_Problem to solve_
Skip the pictures and copy all the data that follows exactly.

[Image-backed grounding data]

· · · · · · ·

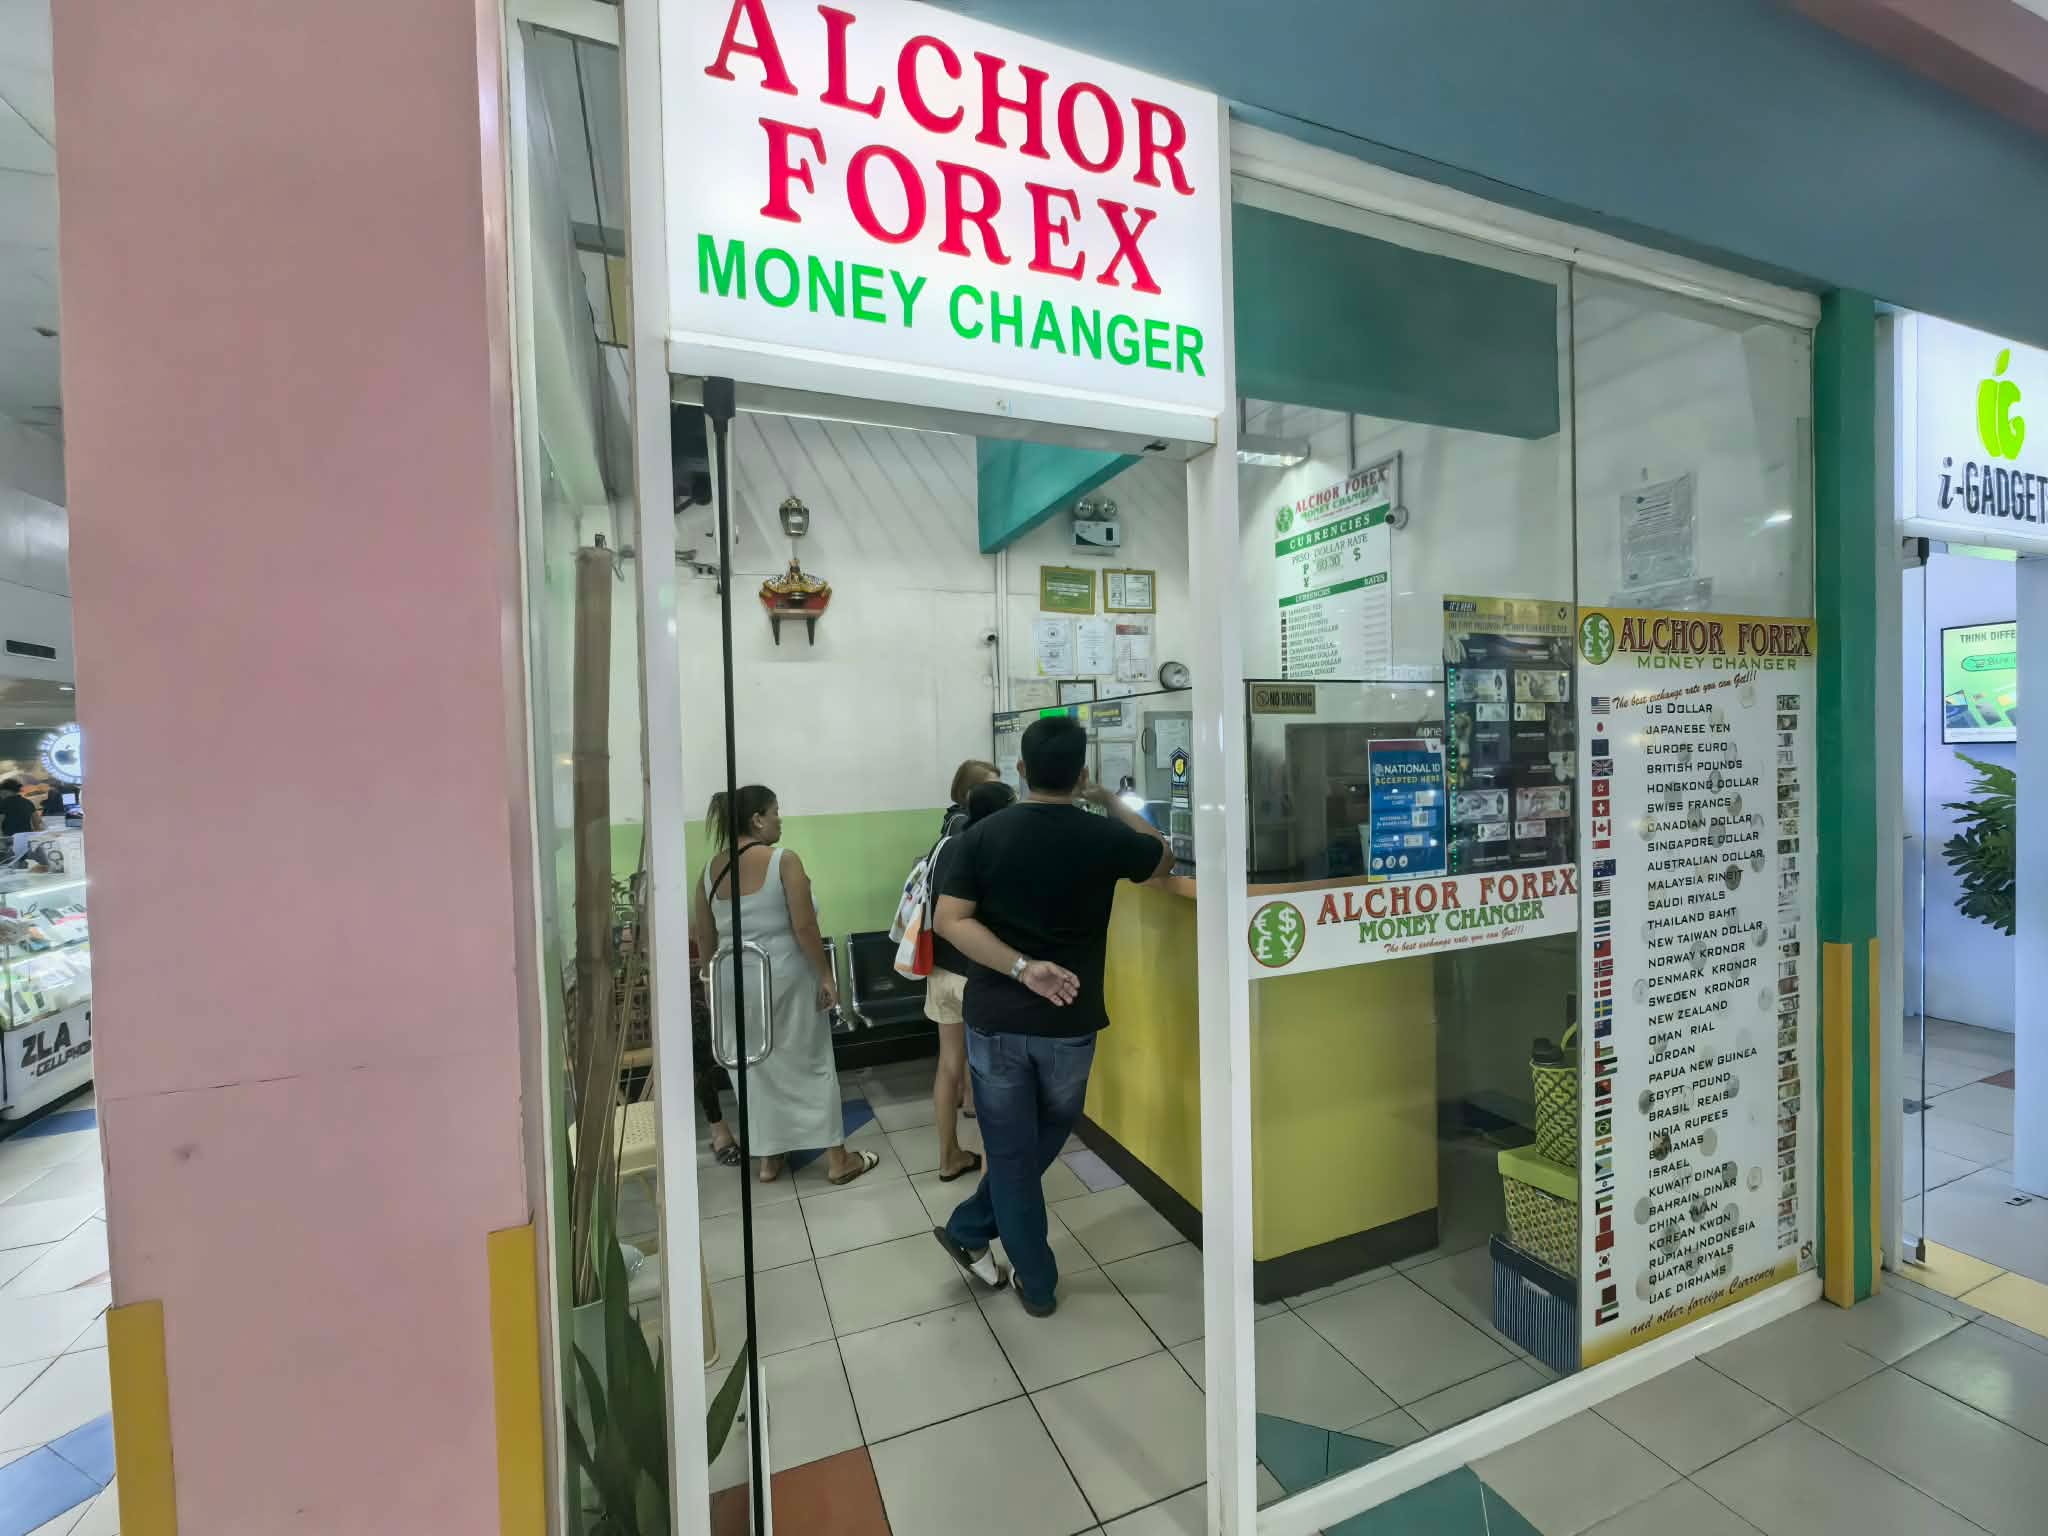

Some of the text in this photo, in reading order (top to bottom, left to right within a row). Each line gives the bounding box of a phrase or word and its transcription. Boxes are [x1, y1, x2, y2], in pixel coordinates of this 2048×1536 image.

[704, 0, 1195, 195] ALCHOR
[758, 117, 1162, 294] FOREX
[697, 233, 1205, 376] MONEY CHANGER
[1296, 486, 1340, 513] ALCHOR
[1345, 467, 1387, 495] FOREX
[1289, 513, 1371, 550] CURRENCIES
[1346, 532, 1368, 547] RATE
[1619, 617, 1812, 656] ALCHOR FOREX
[1960, 632, 1987, 643] THINK
[1638, 655, 1797, 671] MONEY CHANGER
[1270, 691, 1280, 706] NO
[1613, 696, 1629, 710] The
[1631, 694, 1647, 707] best
[1650, 687, 1682, 705] exchange
[1685, 684, 1700, 696] rate
[1702, 681, 1717, 693] you
[1718, 679, 1731, 689] can
[1646, 702, 1713, 714] US DOLLAR
[1646, 723, 1731, 735] JAPANESE YEN
[1646, 742, 1728, 755] EUROPE EURO
[1384, 763, 1441, 774] NATIONAL ID
[1647, 759, 1743, 774] BRITISH POUNDS
[1376, 776, 1417, 785] ACCEPTED
[1647, 777, 1759, 794] HONGKONG DOLLAR
[1647, 797, 1731, 813] SWISS FRANCS
[1648, 814, 1752, 833] CANADIAN DOLLAR
[1648, 831, 1759, 852] SINGAPORE DOLLAR
[1648, 849, 1764, 872] AUSTRALIAN DOLLAR
[1317, 867, 1578, 925] ALCHOR FOREX
[1648, 875, 1704, 891] MALAYSIA
[1648, 890, 1726, 911] SAUDI RIYALS
[1358, 900, 1545, 944] MONEY CHANGER
[1648, 906, 1737, 930] THAILAND BAHT
[1384, 943, 1399, 953] The
[1402, 941, 1417, 951] best
[1648, 920, 1763, 949] NEW TAIWAN DOLLAR
[1648, 942, 1745, 969] NORWAY KRONOR
[1648, 957, 1757, 988] DENMARK KRONOR
[1648, 977, 1750, 1007] SWEDEN KRONOR
[1648, 1000, 1728, 1027] NEW ZEALAND
[21, 1021, 72, 1069] ZLA
[1648, 1021, 1716, 1046] OMAN RIAL
[1648, 1044, 1695, 1065] JORDAN
[1649, 1047, 1758, 1085] PAPUA NEW GUINEA
[1649, 1072, 1731, 1103] EGYPT POUND
[1649, 1090, 1729, 1122] BRASIL REAIS
[1649, 1109, 1728, 1141] INDIA RUPEES
[1649, 1159, 1690, 1179] ISRAEL
[1649, 1163, 1728, 1198] KUWAIT DINAR
[1649, 1178, 1737, 1216] BAHRAIN DINAR
[1649, 1213, 1685, 1234] CHINA
[1649, 1212, 1731, 1252] KOREAN KWON
[1649, 1221, 1756, 1268] RUPIAH INDONESIA
[1649, 1243, 1734, 1286] QUATAR RIYALS
[1649, 1265, 1728, 1305] UAE DIRHAMS
[1630, 1266, 1776, 1335] and other foreign Currency
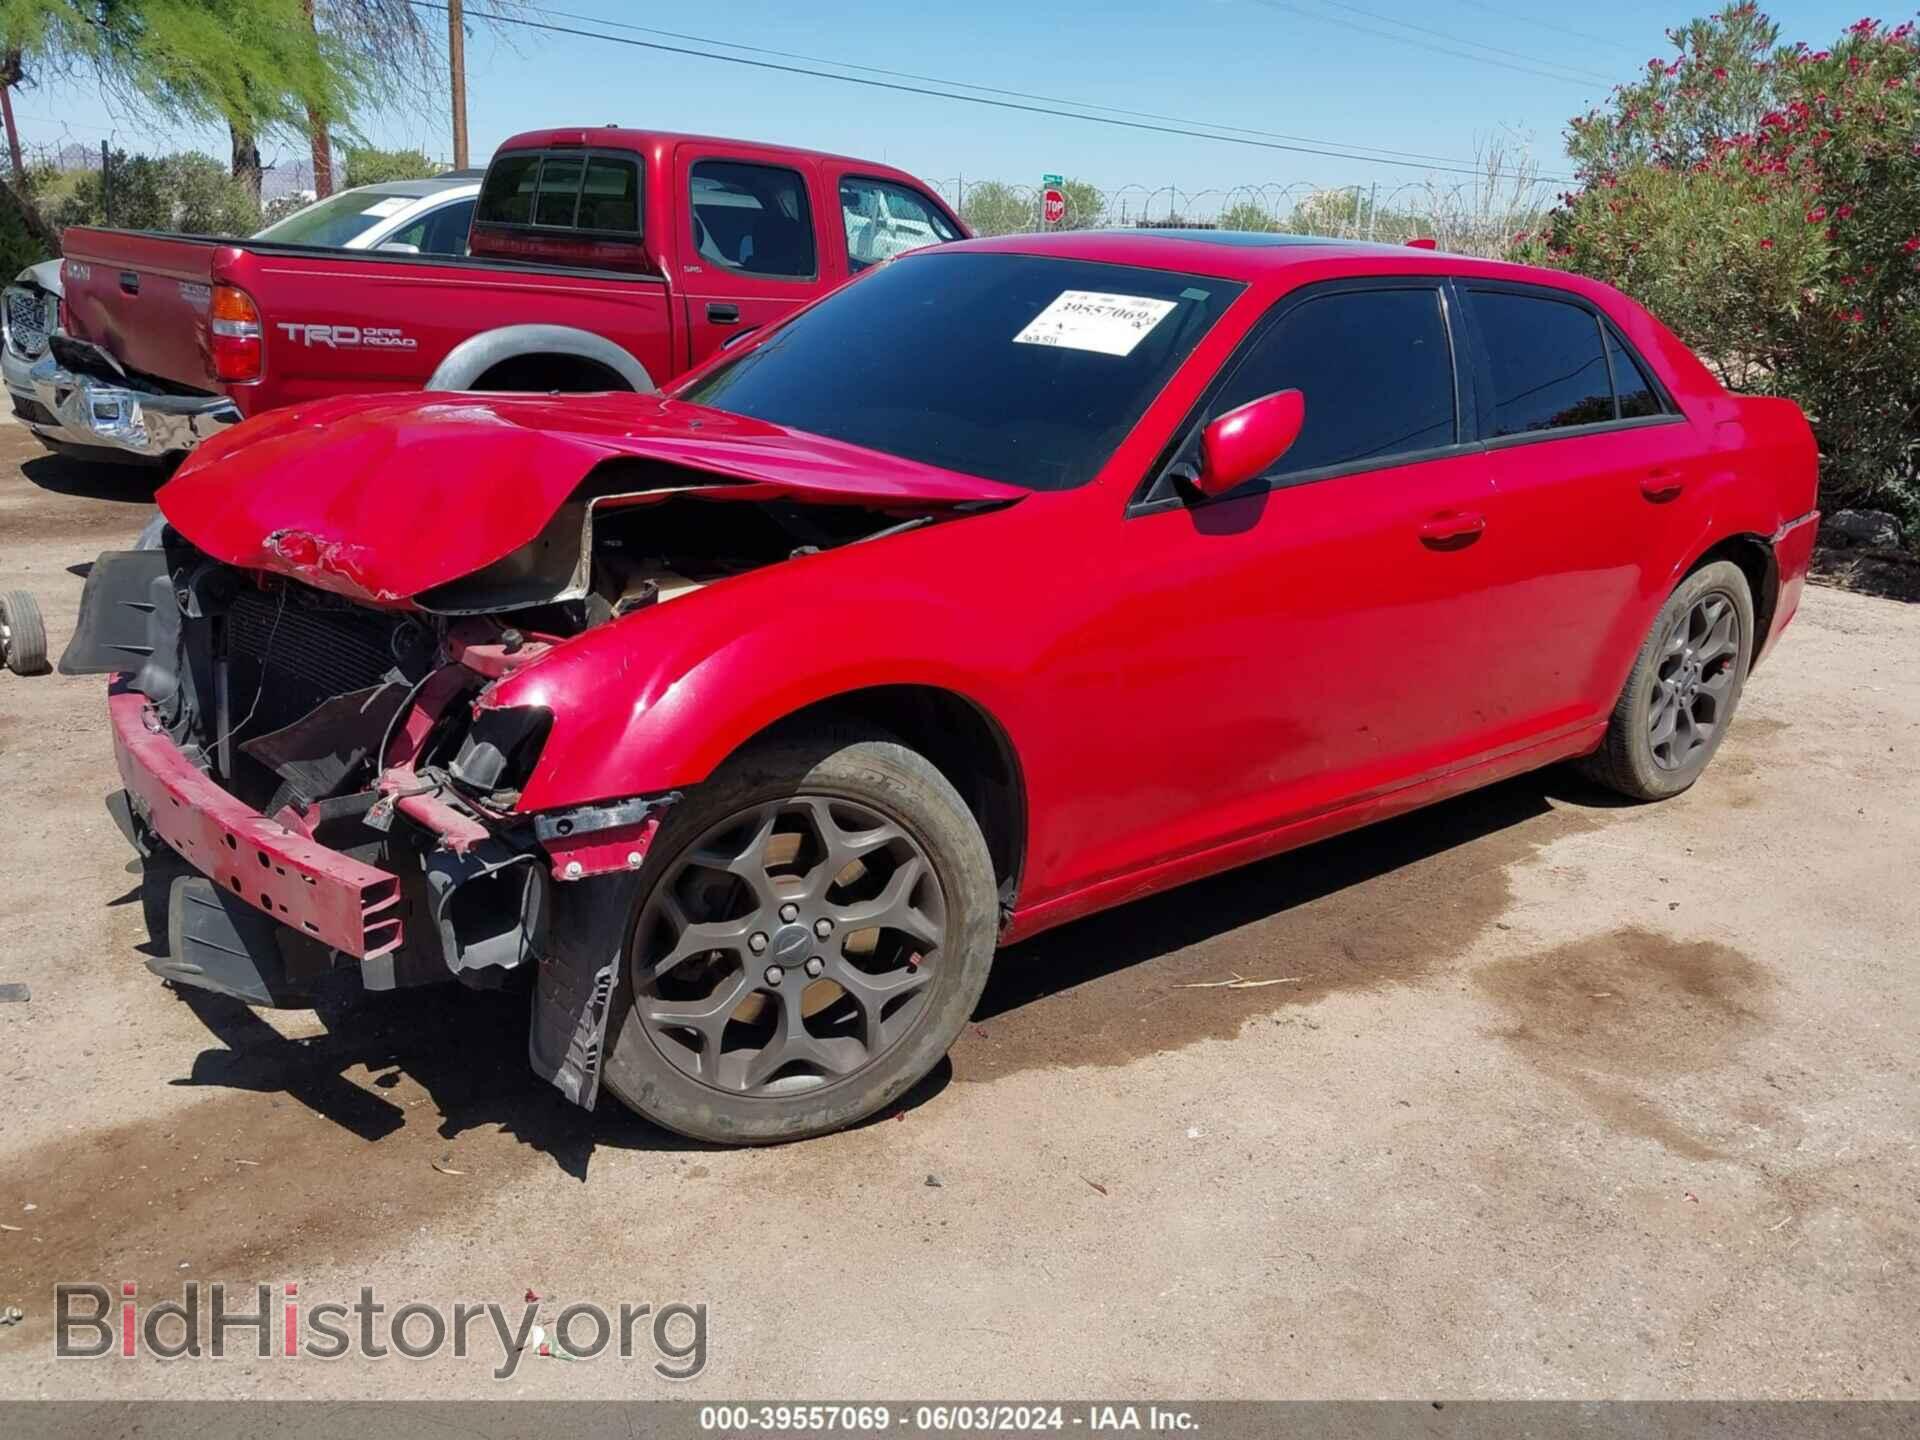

· · · · · · ·

_Response_
Some of the text in this photo, in reading order (top to bottom, left to right within a row). Each line gives the bounding box of a phrase or word and its transcription. Boxes are [x1, y1, x2, y2], in pixel coordinates of this 2048×1536 image.

[704, 0, 1195, 195] ALCHOR
[758, 117, 1162, 294] FOREX
[697, 233, 1205, 376] MONEY CHANGER
[1296, 486, 1340, 513] ALCHOR
[1345, 467, 1387, 495] FOREX
[1289, 513, 1371, 550] CURRENCIES
[1346, 532, 1368, 547] RATE
[1619, 617, 1812, 656] ALCHOR FOREX
[1960, 632, 1987, 643] THINK
[1638, 655, 1797, 671] MONEY CHANGER
[1270, 691, 1280, 706] NO
[1613, 696, 1629, 710] The
[1631, 694, 1647, 707] best
[1650, 687, 1682, 705] exchange
[1685, 684, 1700, 696] rate
[1702, 681, 1717, 693] you
[1718, 679, 1731, 689] can
[1646, 702, 1713, 714] US DOLLAR
[1646, 723, 1731, 735] JAPANESE YEN
[1646, 742, 1728, 755] EUROPE EURO
[1384, 763, 1441, 774] NATIONAL ID
[1647, 759, 1743, 774] BRITISH POUNDS
[1376, 776, 1417, 785] ACCEPTED
[1647, 777, 1759, 794] HONGKONG DOLLAR
[1647, 797, 1731, 813] SWISS FRANCS
[1648, 814, 1752, 833] CANADIAN DOLLAR
[1648, 831, 1759, 852] SINGAPORE DOLLAR
[1648, 849, 1764, 872] AUSTRALIAN DOLLAR
[1317, 867, 1578, 925] ALCHOR FOREX
[1648, 875, 1704, 891] MALAYSIA
[1648, 890, 1726, 911] SAUDI RIYALS
[1358, 900, 1545, 944] MONEY CHANGER
[1648, 906, 1737, 930] THAILAND BAHT
[1384, 943, 1399, 953] The
[1402, 941, 1417, 951] best
[1648, 920, 1763, 949] NEW TAIWAN DOLLAR
[1648, 942, 1745, 969] NORWAY KRONOR
[1648, 957, 1757, 988] DENMARK KRONOR
[1648, 977, 1750, 1007] SWEDEN KRONOR
[1648, 1000, 1728, 1027] NEW ZEALAND
[21, 1021, 72, 1069] ZLA
[1648, 1021, 1716, 1046] OMAN RIAL
[1648, 1044, 1695, 1065] JORDAN
[1649, 1047, 1758, 1085] PAPUA NEW GUINEA
[1649, 1072, 1731, 1103] EGYPT POUND
[1649, 1090, 1729, 1122] BRASIL REAIS
[1649, 1109, 1728, 1141] INDIA RUPEES
[1649, 1159, 1690, 1179] ISRAEL
[1649, 1163, 1728, 1198] KUWAIT DINAR
[1649, 1178, 1737, 1216] BAHRAIN DINAR
[1649, 1213, 1685, 1234] CHINA
[1649, 1212, 1731, 1252] KOREAN KWON
[1649, 1221, 1756, 1268] RUPIAH INDONESIA
[1649, 1243, 1734, 1286] QUATAR RIYALS
[1649, 1265, 1728, 1305] UAE DIRHAMS
[1630, 1266, 1776, 1335] and other foreign Currency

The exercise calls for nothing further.